While abhorrent, this should not surprise us; where else should evil gravitate, if not to those professions which grant immediate access to the vulnerable, the young, and the trusting? The malevolent hide in plain sight within the police force, masquerade as teachers, and perhaps vilest of all, occasionally pose as medical staff too.
Letby was sentenced last week to 14 whole-life jail terms, for the murder of seven babies, and the attempted murder of six others during her time at the Countess of Chester Hospital between 2015 and 2016. Although this already makes Letby Britain’s worst infant serial killer, these numbers are conservative.

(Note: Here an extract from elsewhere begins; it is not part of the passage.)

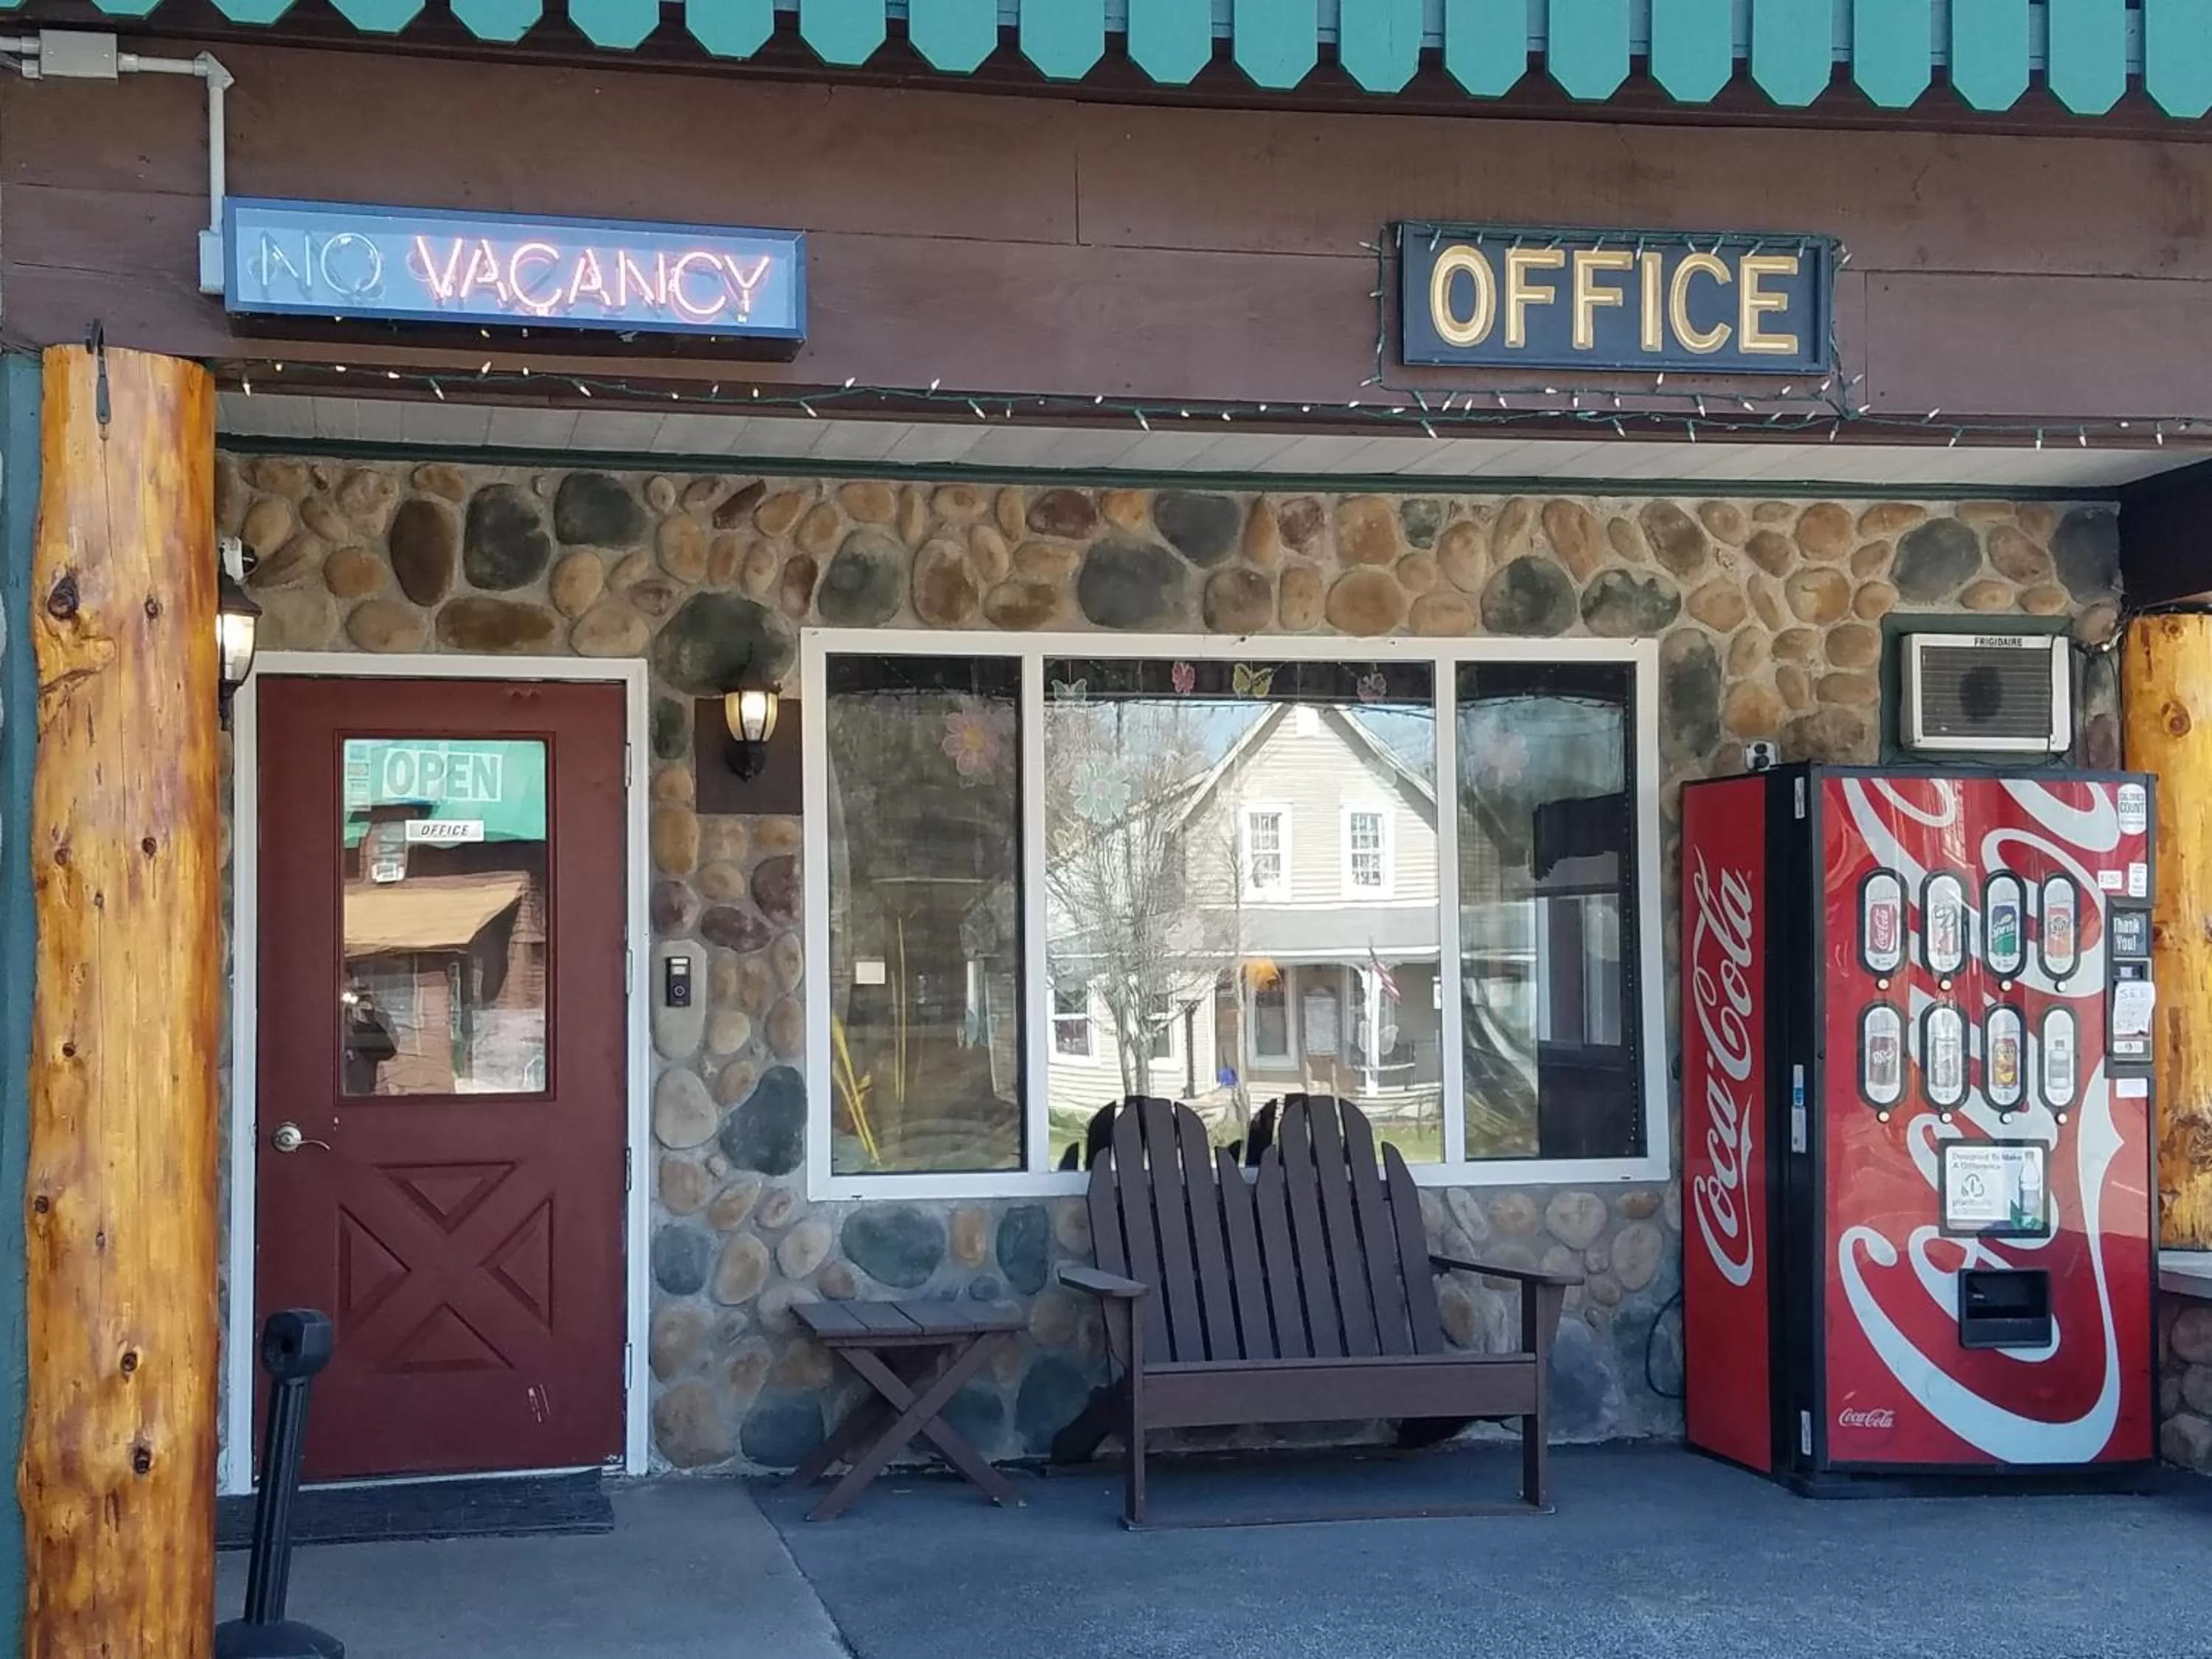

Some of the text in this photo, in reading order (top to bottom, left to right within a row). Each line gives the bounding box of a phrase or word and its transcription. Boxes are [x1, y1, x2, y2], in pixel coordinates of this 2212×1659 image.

Cheshire Police have confirmed they will be examining the records of 4,000 babies Letby may have come into contact with, alongside fears that she harmed dozens more.
There are an inordinate number of questions raised by the case itself: why is CCTV not mandatory in every ICU in the country, when Britain is the most heavily-surveilled nation in the world, bar China? Why did the NHS managers think it acceptable to instruct doctors ‘not to make a fuss’ about babies dying suspiciously? Why were the alarm bells not tolling furiously when insulin was discovered in the bloodstream of victims, at a time when no babies were being prescribed the drug? Notwithstanding the courage of many medical staff in raising concerns, why did they not simply circumvent the chain of command and call the police themselves, once it became clear that management were unforgivably negligent? And worst of all, what kind of arse-covering sadist delays contacting the police for almost two years, prioritising the hospital’s ‘reputation’ over the lives of new-borns? The nation applauded the NHS during the pandemic; I suspect it won’t do so again in a hurry.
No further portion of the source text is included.